_Try it_
A faithful transcription of all the data, images excluded, is the required answer.

_Free-text object descriptions_
::::::

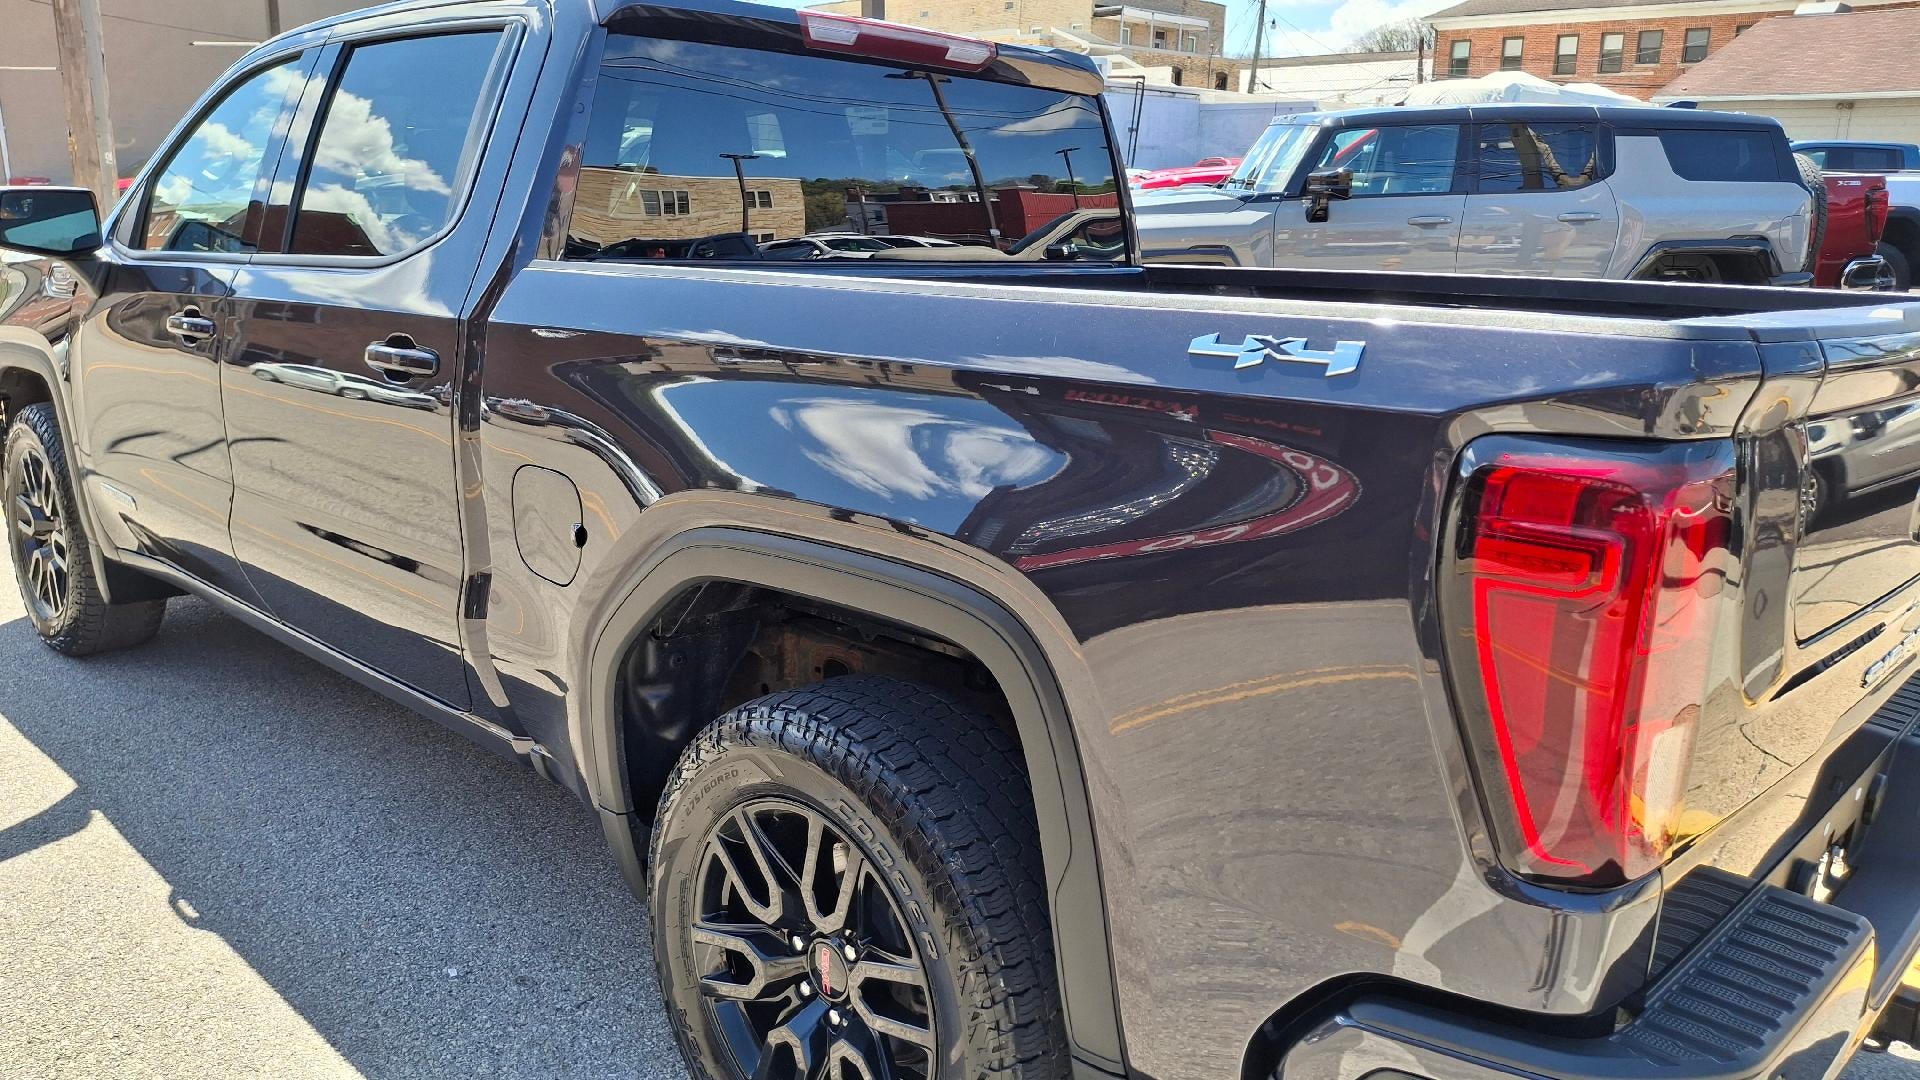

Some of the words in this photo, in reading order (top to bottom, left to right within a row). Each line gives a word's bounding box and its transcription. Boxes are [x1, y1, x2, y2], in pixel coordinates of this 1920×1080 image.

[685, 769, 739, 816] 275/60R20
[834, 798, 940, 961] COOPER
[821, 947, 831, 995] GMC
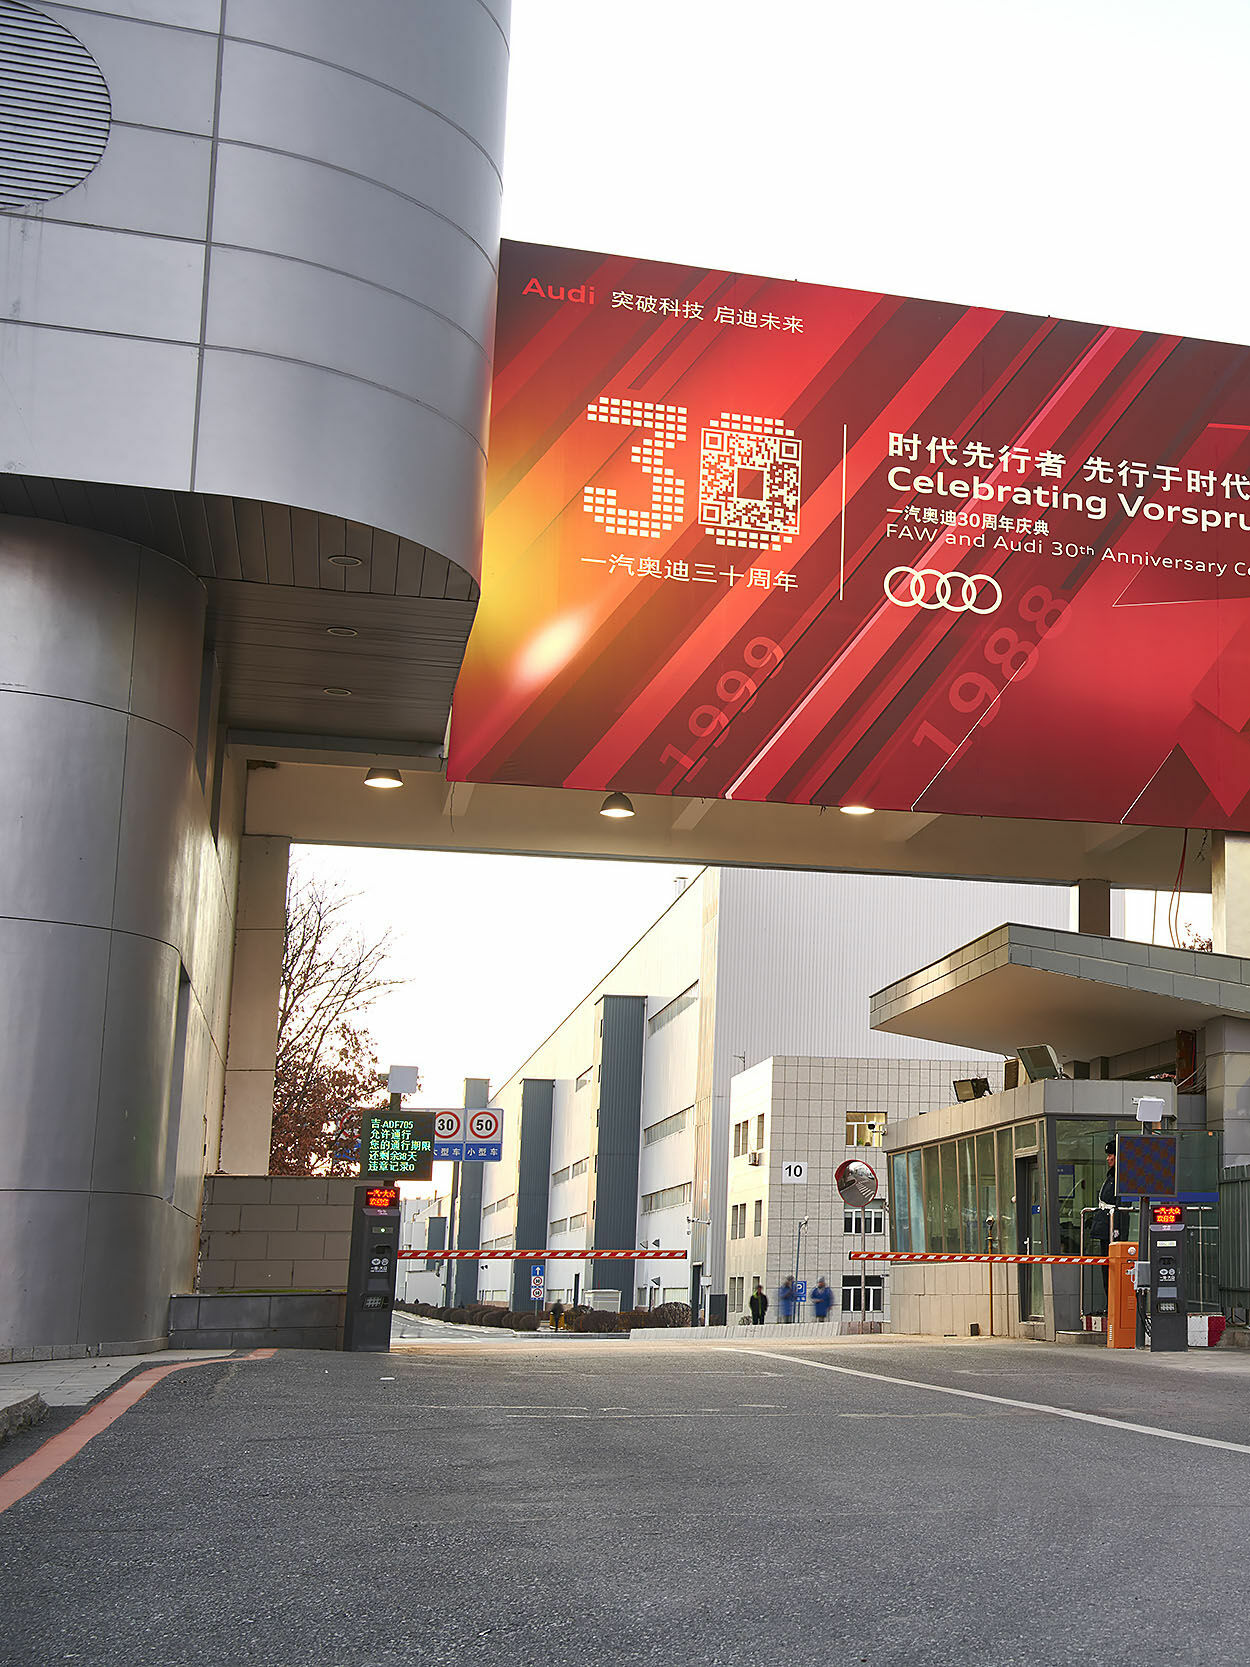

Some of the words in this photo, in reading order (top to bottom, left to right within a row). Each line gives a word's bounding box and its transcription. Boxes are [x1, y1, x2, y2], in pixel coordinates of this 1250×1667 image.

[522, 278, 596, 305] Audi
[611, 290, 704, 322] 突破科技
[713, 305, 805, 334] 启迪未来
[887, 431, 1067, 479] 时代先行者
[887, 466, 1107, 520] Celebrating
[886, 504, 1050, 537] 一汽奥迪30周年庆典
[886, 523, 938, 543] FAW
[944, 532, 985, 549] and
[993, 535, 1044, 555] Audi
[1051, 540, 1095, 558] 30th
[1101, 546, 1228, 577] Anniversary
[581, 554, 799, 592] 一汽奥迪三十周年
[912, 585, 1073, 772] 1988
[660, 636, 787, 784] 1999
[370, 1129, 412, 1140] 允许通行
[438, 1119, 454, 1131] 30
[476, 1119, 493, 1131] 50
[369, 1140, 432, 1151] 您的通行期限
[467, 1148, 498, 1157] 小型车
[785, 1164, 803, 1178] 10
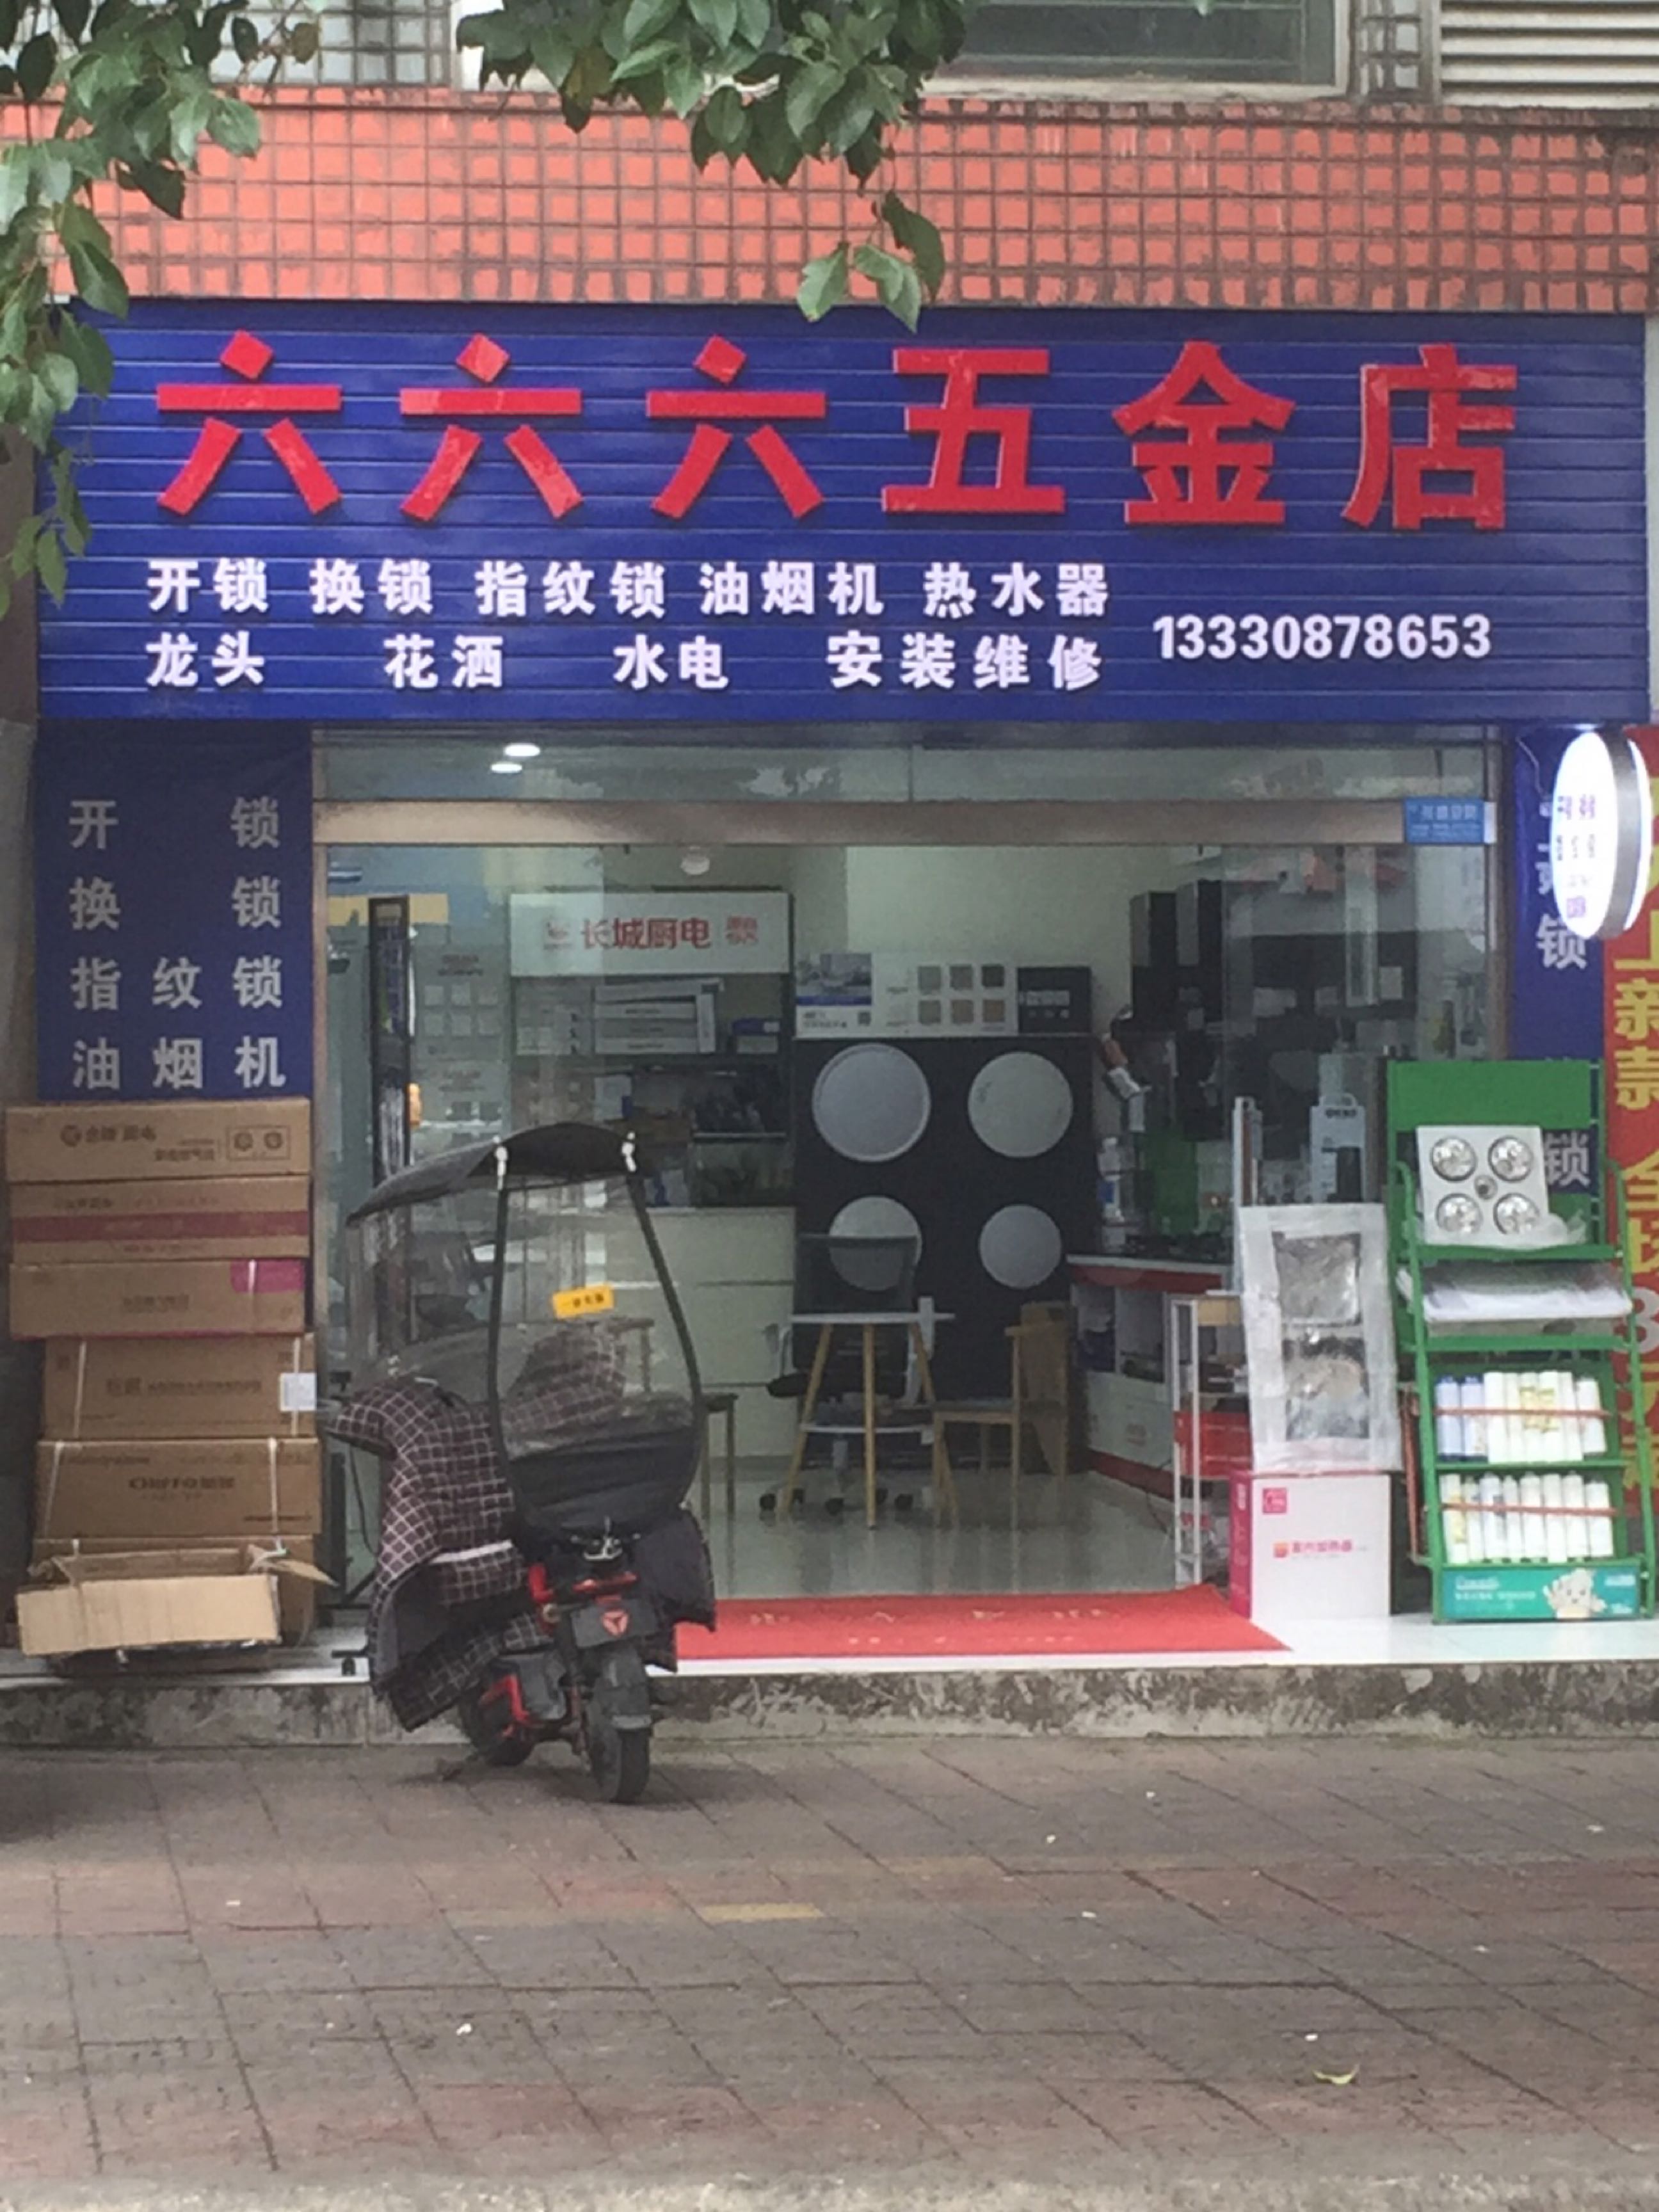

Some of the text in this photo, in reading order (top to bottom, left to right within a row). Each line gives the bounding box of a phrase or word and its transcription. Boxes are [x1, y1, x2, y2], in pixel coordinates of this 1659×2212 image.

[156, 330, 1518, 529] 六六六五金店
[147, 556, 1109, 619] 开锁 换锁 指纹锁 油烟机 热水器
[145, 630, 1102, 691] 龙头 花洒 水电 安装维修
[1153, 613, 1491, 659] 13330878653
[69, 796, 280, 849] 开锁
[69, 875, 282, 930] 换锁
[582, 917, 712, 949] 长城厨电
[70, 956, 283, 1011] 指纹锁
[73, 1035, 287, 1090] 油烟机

::::::

_Solution for this problem_
Some of the words in this photo, in reading order (top to bottom, left to right within a row). Each line gives a word's bounding box and its transcription. Boxes are [x1, y1, x2, y2], in pixel coordinates of this 1920×1080 image.

[685, 769, 739, 816] 275/60R20
[834, 798, 940, 961] COOPER
[821, 947, 831, 995] GMC

Some of the words in this photo, in reading order (top to bottom, left to right within a row). Each line gives a word's bounding box and its transcription. Boxes are [x1, y1, x2, y2], in pixel coordinates of this 1250×1667 image.

[522, 278, 596, 305] Audi
[611, 290, 704, 322] 突破科技
[713, 305, 805, 334] 启迪未来
[887, 431, 1067, 479] 时代先行者
[887, 466, 1107, 520] Celebrating
[886, 504, 1050, 537] 一汽奥迪30周年庆典
[886, 523, 938, 543] FAW
[944, 532, 985, 549] and
[993, 535, 1044, 555] Audi
[1051, 540, 1095, 558] 30th
[1101, 546, 1228, 577] Anniversary
[581, 554, 799, 592] 一汽奥迪三十周年
[912, 585, 1073, 772] 1988
[660, 636, 787, 784] 1999
[370, 1129, 412, 1140] 允许通行
[438, 1119, 454, 1131] 30
[476, 1119, 493, 1131] 50
[369, 1140, 432, 1151] 您的通行期限
[467, 1148, 498, 1157] 小型车
[785, 1164, 803, 1178] 10

Some of the text in this photo, in reading order (top to bottom, left to right within a row). Each line gives the bounding box of a phrase or word and its transcription. Boxes are [x1, y1, x2, y2], in pixel coordinates of this 1659×2212 image.

[156, 330, 1518, 529] 六六六五金店
[147, 556, 1109, 619] 开锁 换锁 指纹锁 油烟机 热水器
[145, 630, 1102, 691] 龙头 花洒 水电 安装维修
[1153, 613, 1491, 659] 13330878653
[69, 796, 280, 849] 开锁
[69, 875, 282, 930] 换锁
[582, 917, 712, 949] 长城厨电
[70, 956, 283, 1011] 指纹锁
[73, 1035, 287, 1090] 油烟机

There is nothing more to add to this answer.